Exercise data.
——
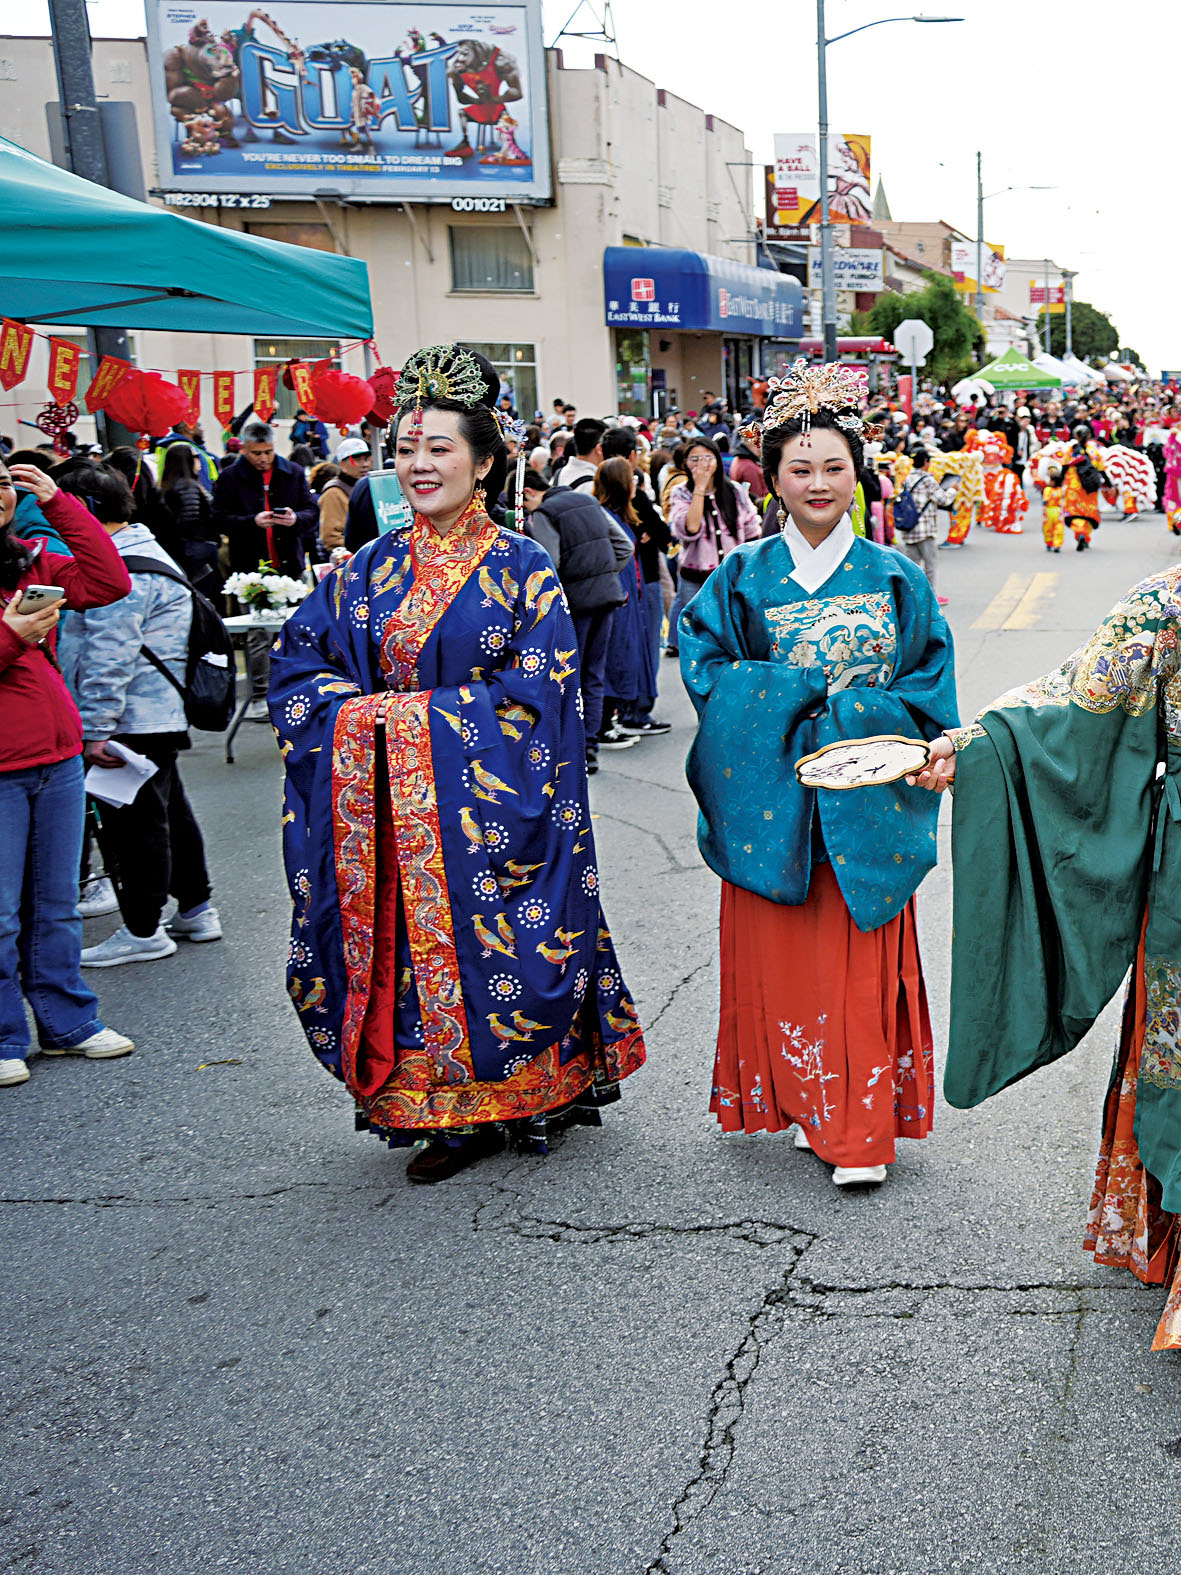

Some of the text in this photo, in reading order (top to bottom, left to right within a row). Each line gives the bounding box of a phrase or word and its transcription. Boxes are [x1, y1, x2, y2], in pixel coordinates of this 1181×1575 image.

[240, 40, 460, 135] GOAT
[241, 153, 463, 166] YOU'RE NEVER TOO SMALL TO DREAM BIG
[452, 198, 506, 212] 001021
[812, 260, 880, 271] HDWARE
[1, 327, 315, 413] NEW YEAR
——
Task goal. With images left out, the data must be transcribed exactly.

Response for this exercise.
Some of the text in this photo, in reading order (top to bottom, left to right within a row). Each line gives the bounding box of a phrase or word and its transcription. Boxes are [x1, y1, x2, y2], in pixel coordinates of this 1181×1575 image.

[240, 40, 460, 135] GOAT
[241, 153, 463, 166] YOU'RE NEVER TOO SMALL TO DREAM BIG
[452, 198, 506, 212] 001021
[812, 260, 880, 271] HDWARE
[1, 327, 315, 413] NEW YEAR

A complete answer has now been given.